Part D is the prescription drug coverage piece of Medicare. It looks simple from the outside and gets confusing fast — formularies, tiers, deductibles, late enrollment penalties that follow you for life. Here's what actually matters and how to think about it.

First, what is Part D?

Part D is the prescription drug part of Medicare. It's separate from Part A (hospital), Part B (medical), and Medigap — the supplement plan some people buy to fill in the gaps Original Medicare leaves behind. None of those cover your retail prescriptions. Part D does.

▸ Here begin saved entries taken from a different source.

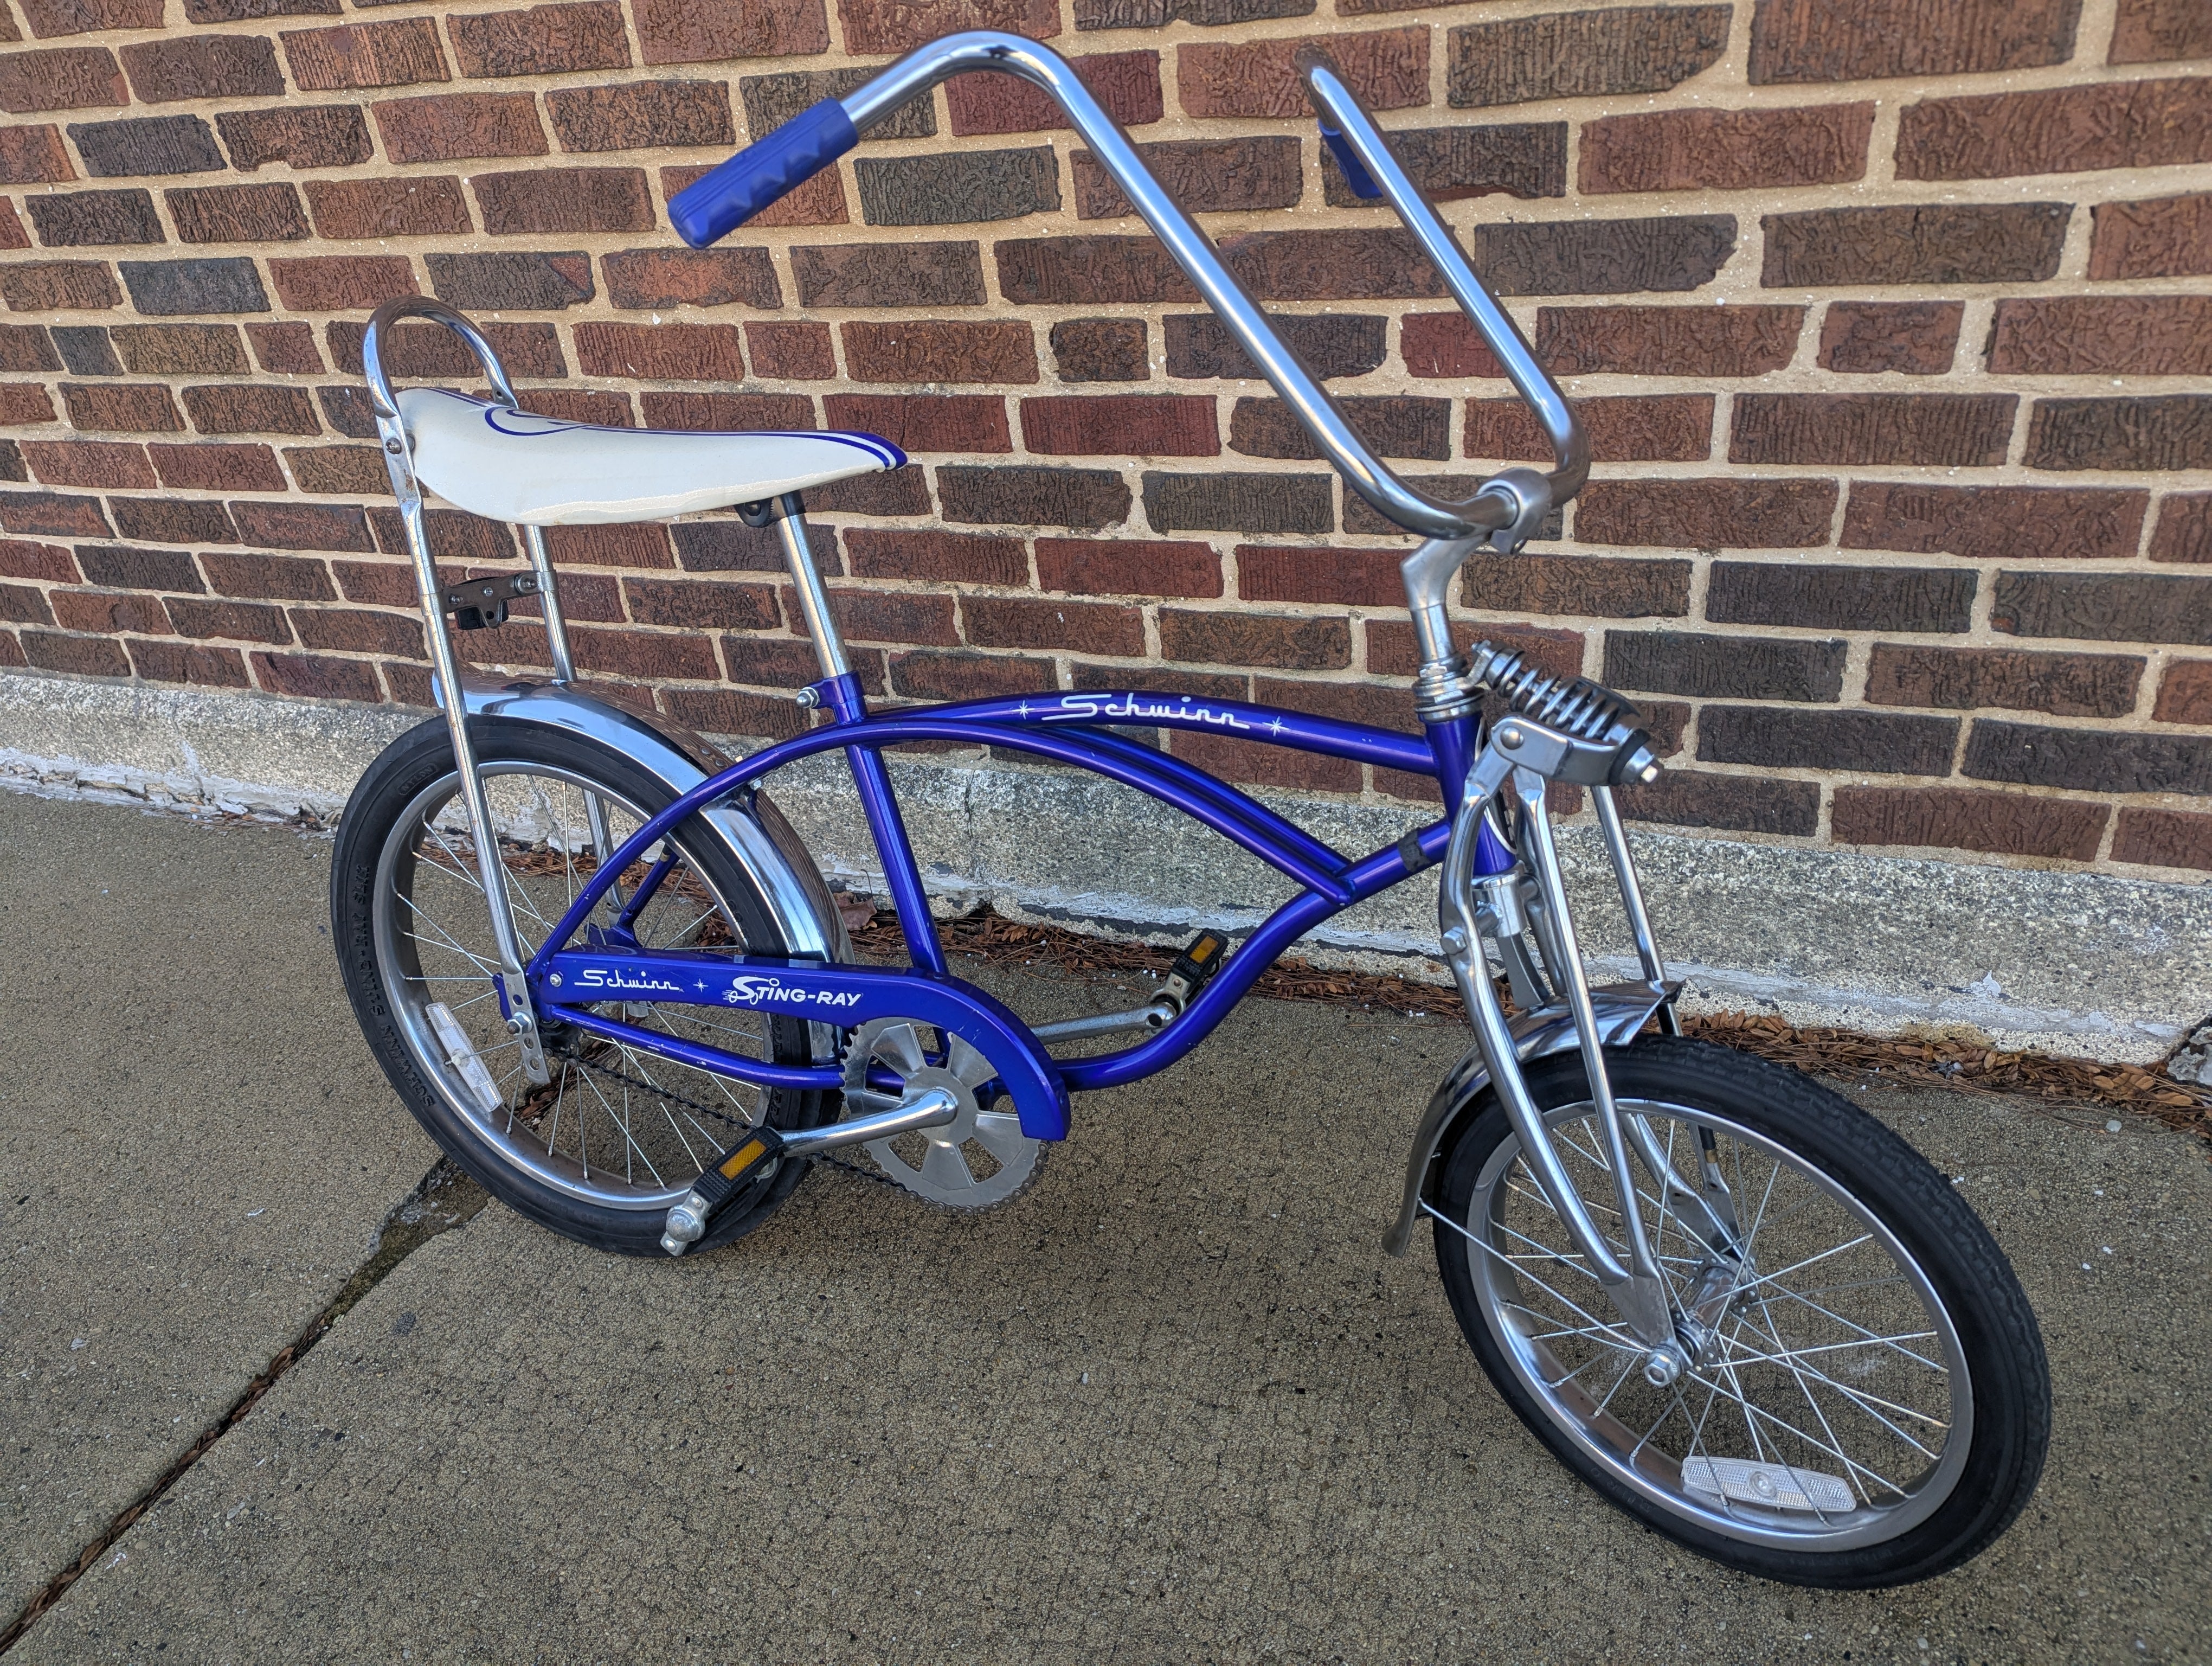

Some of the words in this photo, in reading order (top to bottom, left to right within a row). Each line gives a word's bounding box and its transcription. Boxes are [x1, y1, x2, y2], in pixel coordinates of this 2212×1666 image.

[1041, 692, 1250, 730] Schwinn
[352, 912, 385, 1017] STING-RAY
[574, 969, 680, 990] Schwinn
[722, 976, 862, 1006] STING-RAY
[379, 1023, 436, 1106] SCHWINN
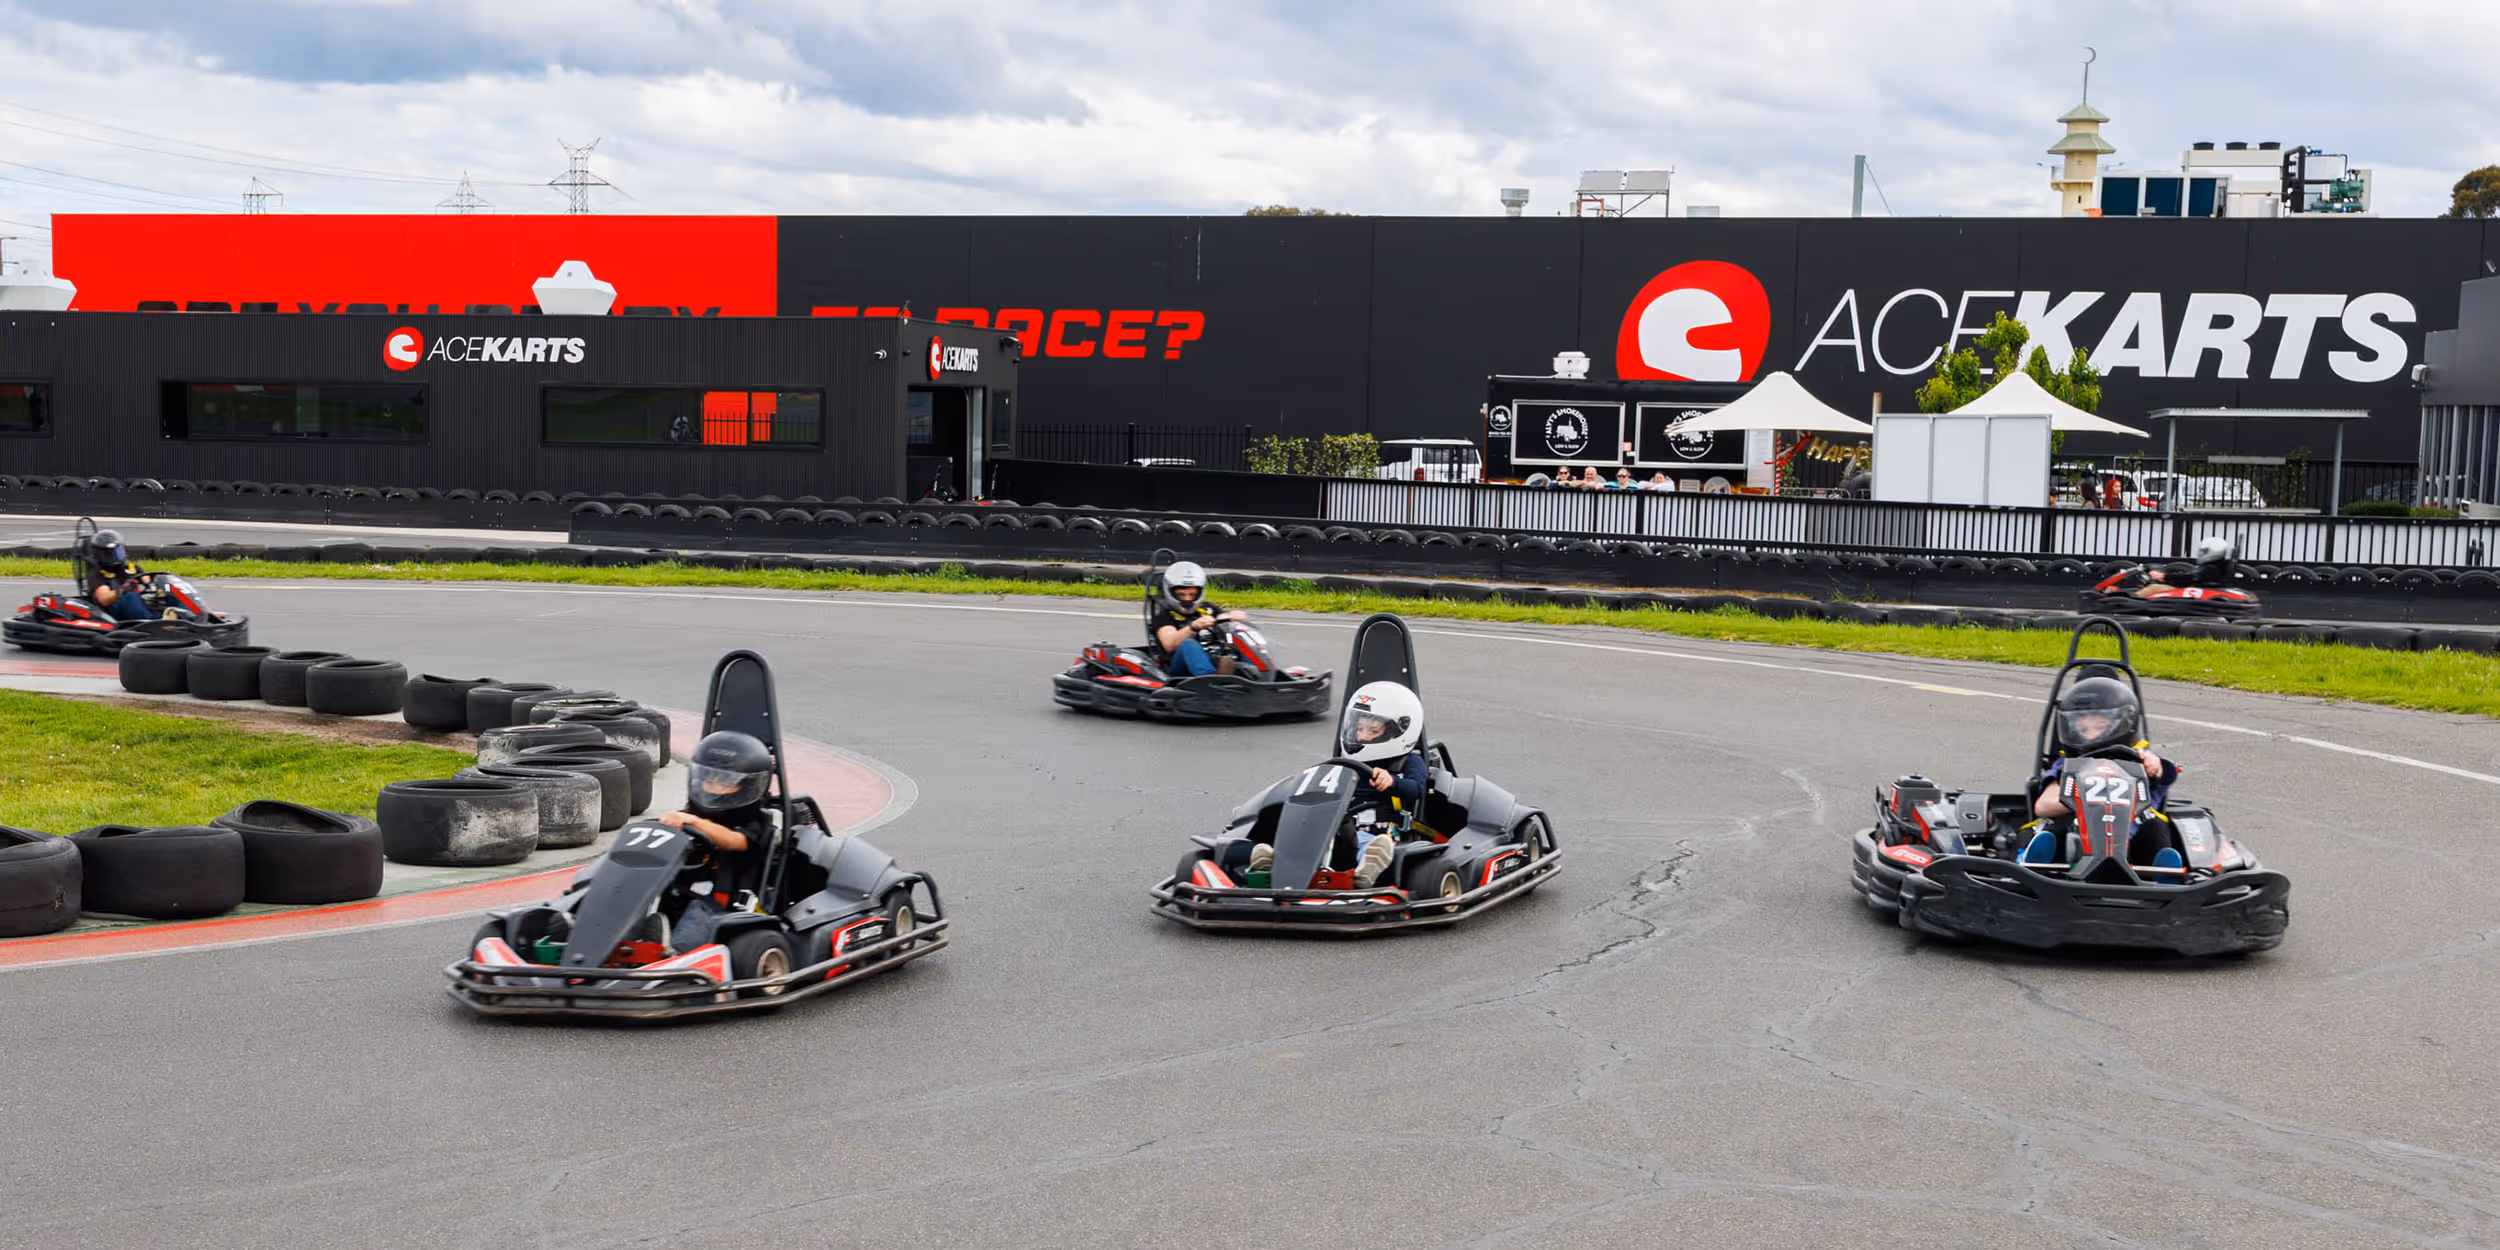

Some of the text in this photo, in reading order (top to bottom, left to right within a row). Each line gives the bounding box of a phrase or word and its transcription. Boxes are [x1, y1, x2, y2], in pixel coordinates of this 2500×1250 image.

[427, 336, 586, 364] ACEKARTS
[1794, 288, 2416, 383] ACEKARTS
[941, 346, 979, 372] ACEKARTS
[1556, 408, 1588, 435] SMOKEHOUSE
[1806, 436, 1872, 467] HAPP
[1294, 765, 1344, 796] 14
[2084, 776, 2131, 806] 22
[625, 827, 677, 849] 77
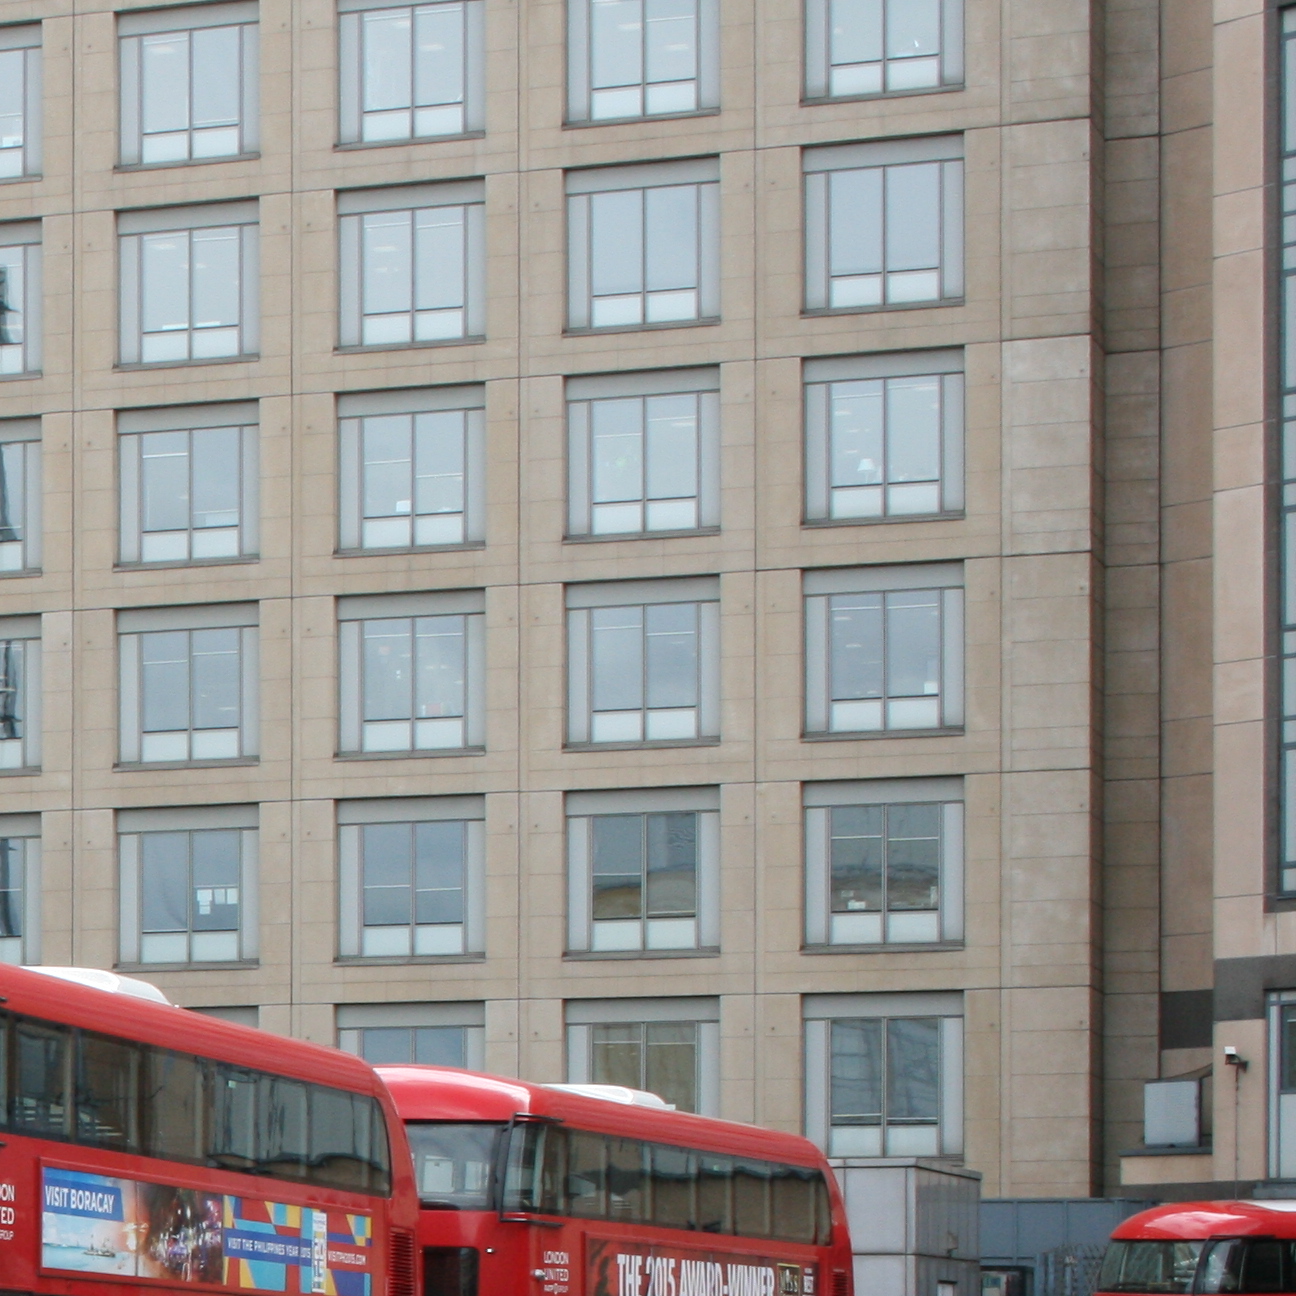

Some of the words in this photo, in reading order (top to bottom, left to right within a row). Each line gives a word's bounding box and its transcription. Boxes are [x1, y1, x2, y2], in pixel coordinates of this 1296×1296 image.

You get Part D one of two ways. Either you buy a stand-alone Part D plan that pairs with Original Medicare, or you enroll in a Medicare Advantage plan that has prescription drug coverage built in. Most people on Original Medicare with a Medigap plan also have a stand-alone Part D plan running alongside both of them — three pieces working together.

Part D plans are sold by private insurance companies approved by Medicare. The plans follow federal rules, but each carrier decides which specific medications are on their list, what tier each medication is in, and how much you pay for it. That's why two Part D plans with similar premiums can give you wildly different experiences depending on what prescriptions you actually take.

This is the part of Medicare where most people make a mistake just by guessing. A licensed agent can compare plans against your actual prescription list in about ten minutes. It's free.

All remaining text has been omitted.